WOW!  I can't express how pleased I am to see photographs of these bottles!  

 Warburg's Tincture has been a specialist 'pet' research interest of mine for, well, I think over 15 years now.

 I originated and wrote the articles on Wikipedia for both Warburg's Tincture and its inventor, Carl Warburg.

 If anyone wants to find out more about Warburg's Tincture, please may I refer them to my website dedicated to Warburg's Tincture - please find the url link below in my signature.  Wikipedia won't allow me to link my website link on the article.

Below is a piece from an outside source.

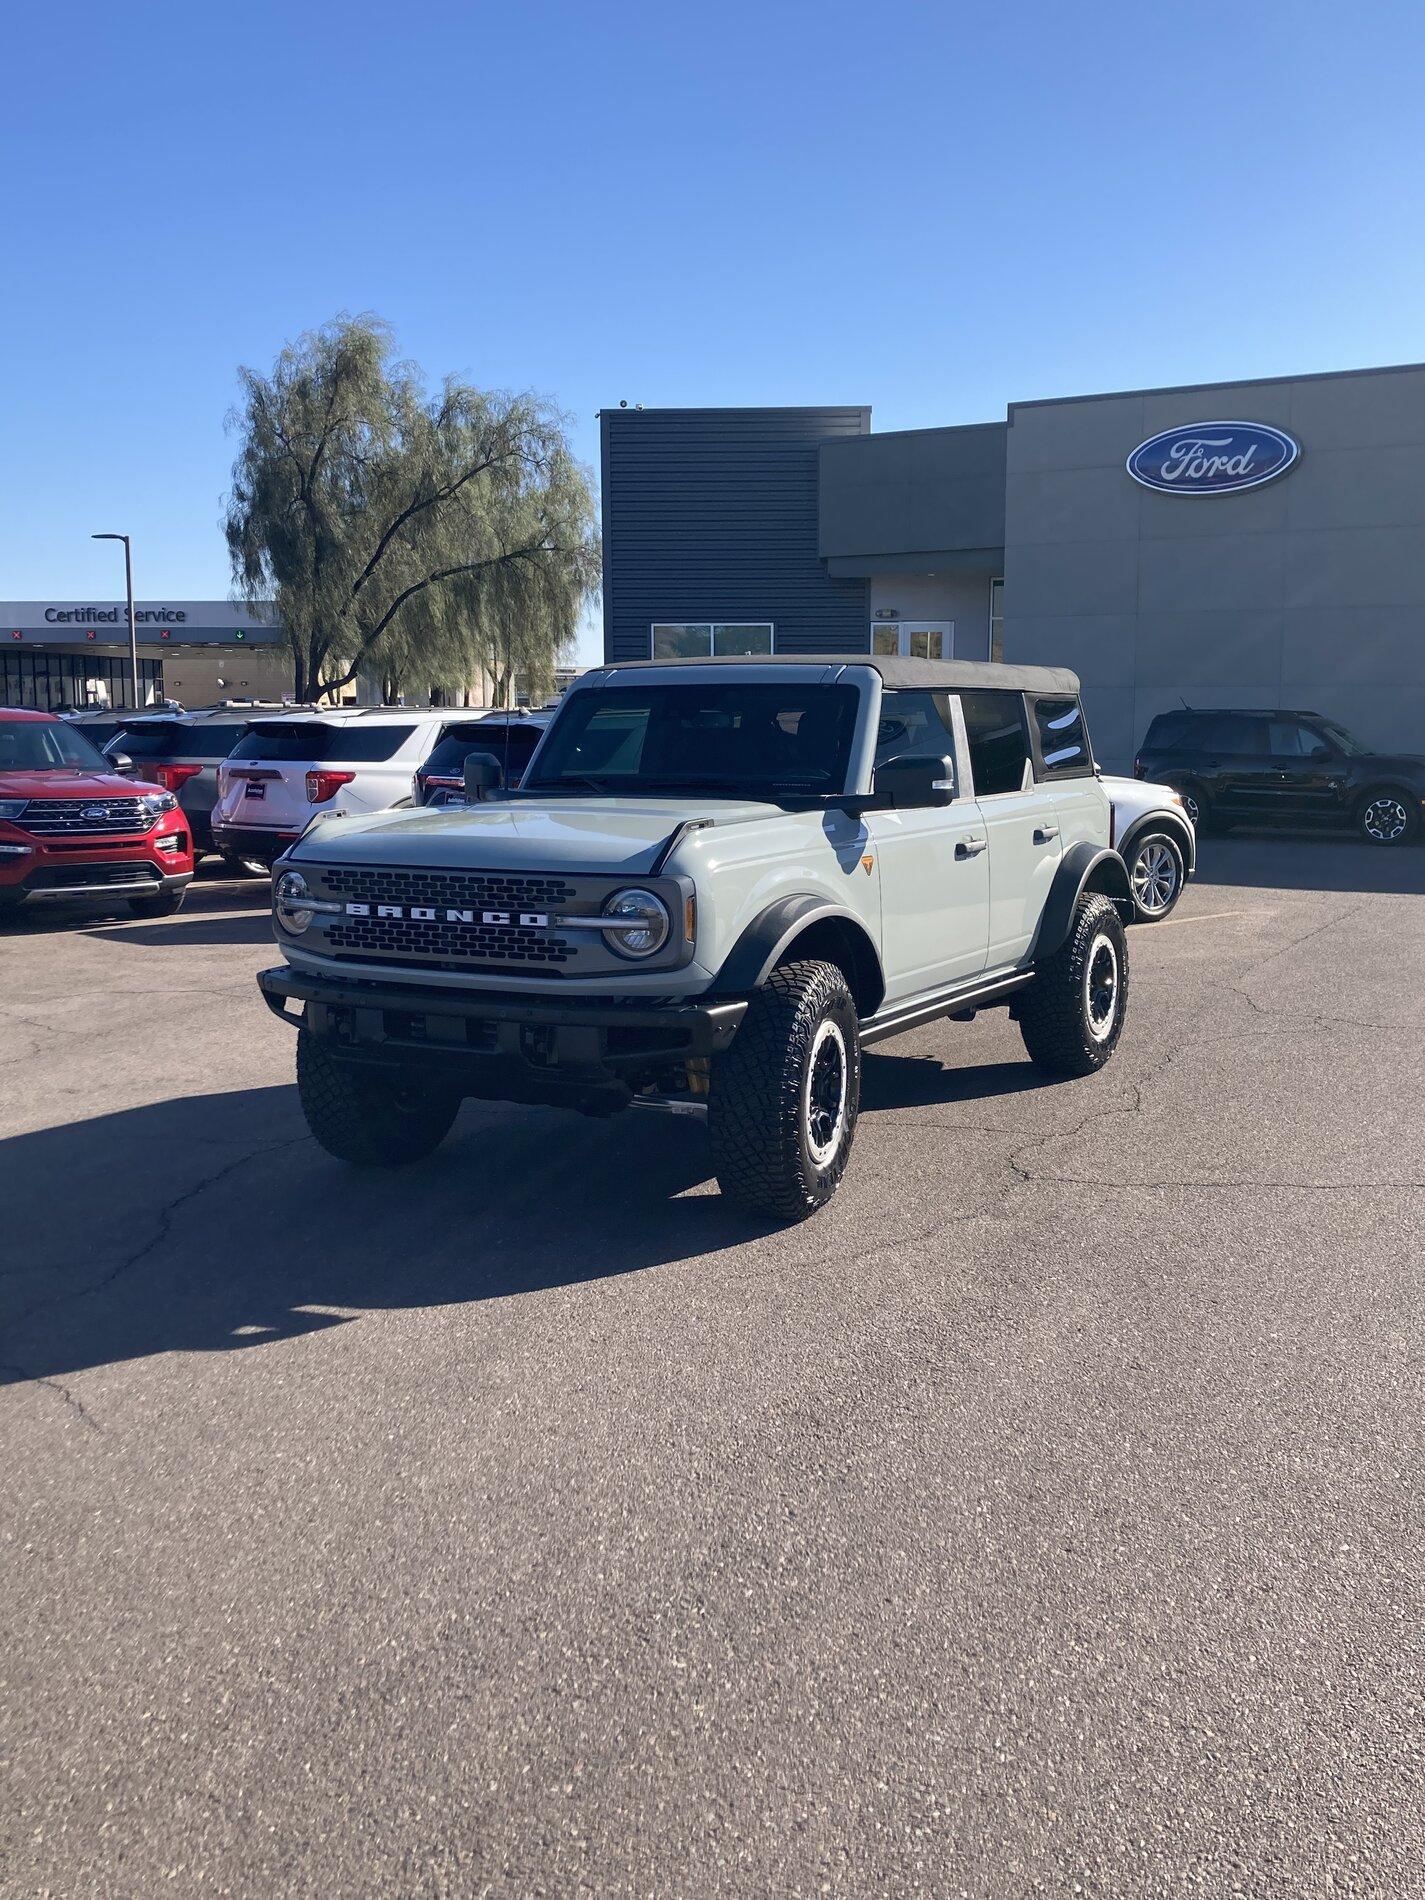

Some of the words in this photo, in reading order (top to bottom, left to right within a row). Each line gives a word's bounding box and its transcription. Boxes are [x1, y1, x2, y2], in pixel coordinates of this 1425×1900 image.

 Although I have obtained detailed contemporary written descriptions before of the small bottle, I have never seen an actual bottle until now, so this is great to see.  So thank you for the two posters who uploaded their photos above!

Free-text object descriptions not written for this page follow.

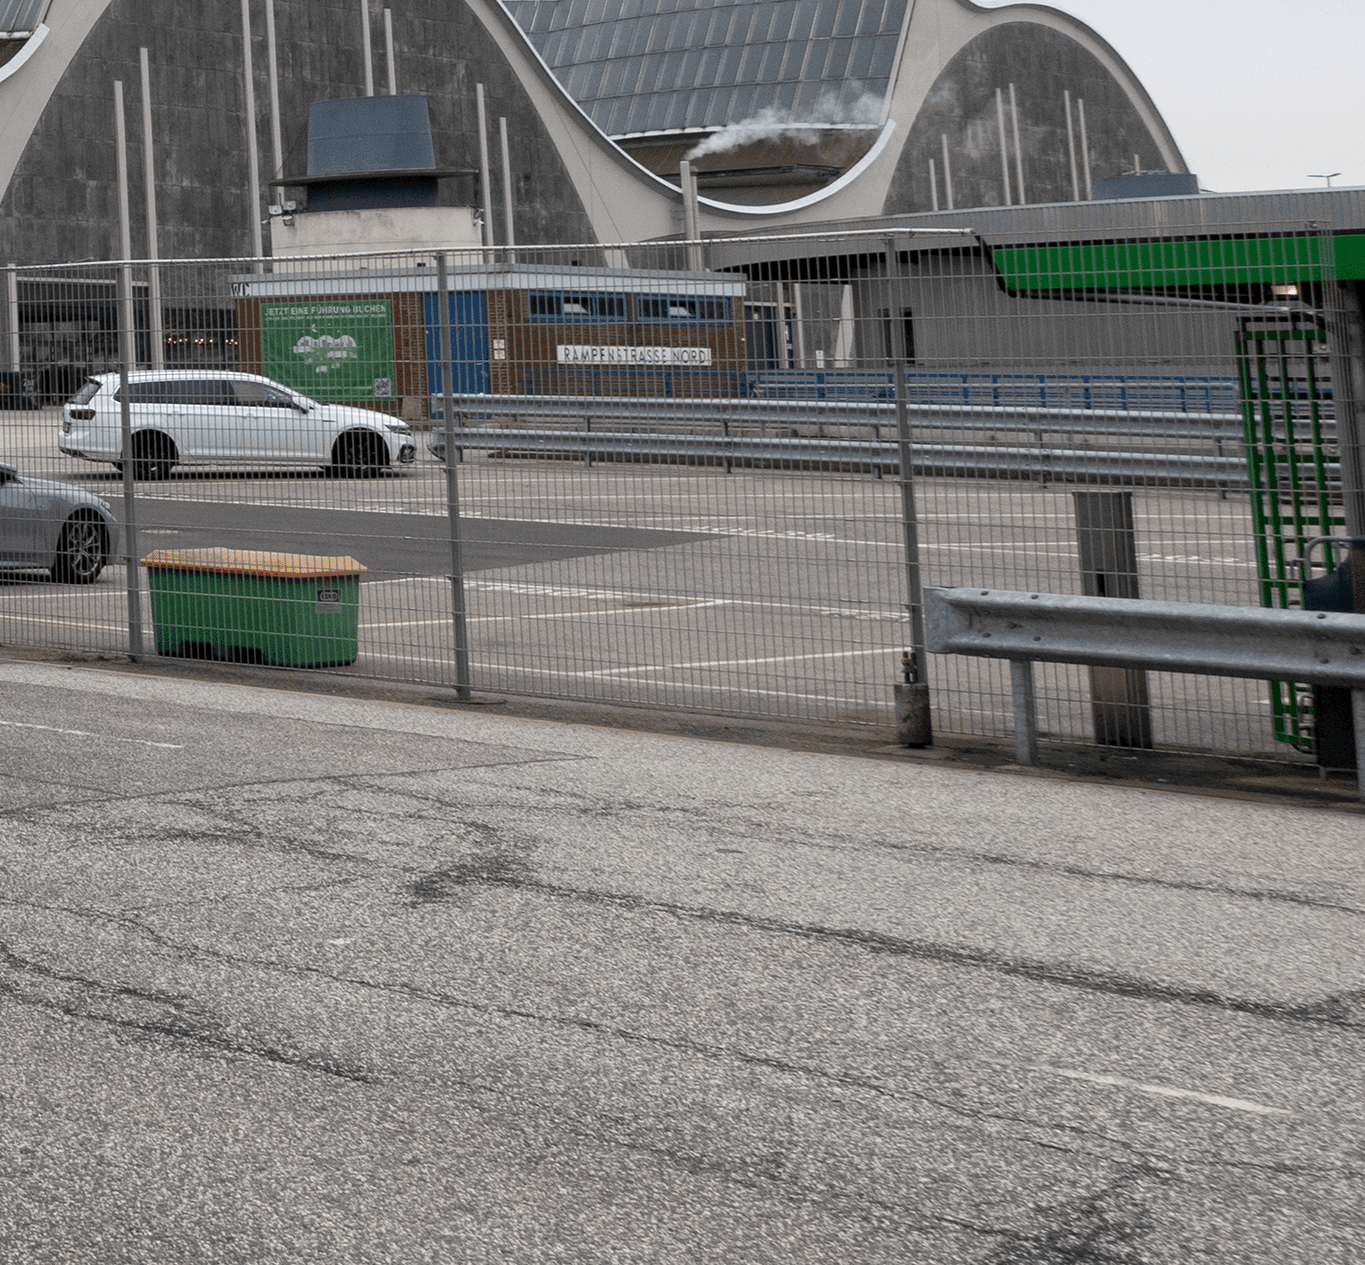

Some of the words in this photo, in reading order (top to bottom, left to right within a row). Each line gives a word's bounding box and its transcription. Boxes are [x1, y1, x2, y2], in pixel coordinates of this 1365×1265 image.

[231, 283, 250, 296] WC
[265, 307, 288, 316] JETZT
[291, 307, 309, 315] EINE
[311, 305, 351, 314] FÜHRUNG
[353, 305, 386, 313] BUCHEN
[564, 348, 667, 364] RAMPENSTRASSE
[671, 349, 706, 364] NORD

 Warburg's Tincture was sold as a secret patent medicine for over 35 years.  It was produced and sold exclusively by its inventor.  However, it was faked during this time.  After 1876, when the formula disclosed The Lancet medical journal, other suppliers were able to sell the real thing.

*The first bottle posted above* by the opening poster must be post 1847, I believe.  This is because the alternative name 'Tinctura Warburgi' was only adopted in 1847 when the medicine was officially adopted by the Austrian Empire.  This different names etc on that bottle are consistent with descriptions I have read.  It is therefore probably a genuine, official bottle of WT.  It could date to anything between 1847-1880, I suspect.  I'm not sure I can be any more precise, but UI need to look into thsi further; I may be able to restrict this down.  The inclusion of the name 'Tincturi Warburgi' might suggest it is an earlier example. I image that Warburg had these bottles made for him in very high quantities and one form of the bottle may have been used for very many years.

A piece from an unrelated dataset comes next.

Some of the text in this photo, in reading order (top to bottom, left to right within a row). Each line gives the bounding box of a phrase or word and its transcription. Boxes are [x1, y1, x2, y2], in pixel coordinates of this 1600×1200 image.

 The bottle of the genuine WT was sold with an outer wrapper including instructions.  The one ounce liquid content of the bottle was browny yellow in colour, and contained a single usage to taken in two doses.

*The second bottle pictured above* is an American version I am assuming given the poster's nationality.  I can't really add anything about the date, apart from mid-late C19th.   Maybe the bottle specialists on this forum can advise dates based on the style of the bottle?  This bottle may not be an official WT version.

 I hope this helps.


----------



## AntiqueMeds (Jun 8, 2012)

That's quite a web site you have for that one medicine.
 You must have some family tie to the product??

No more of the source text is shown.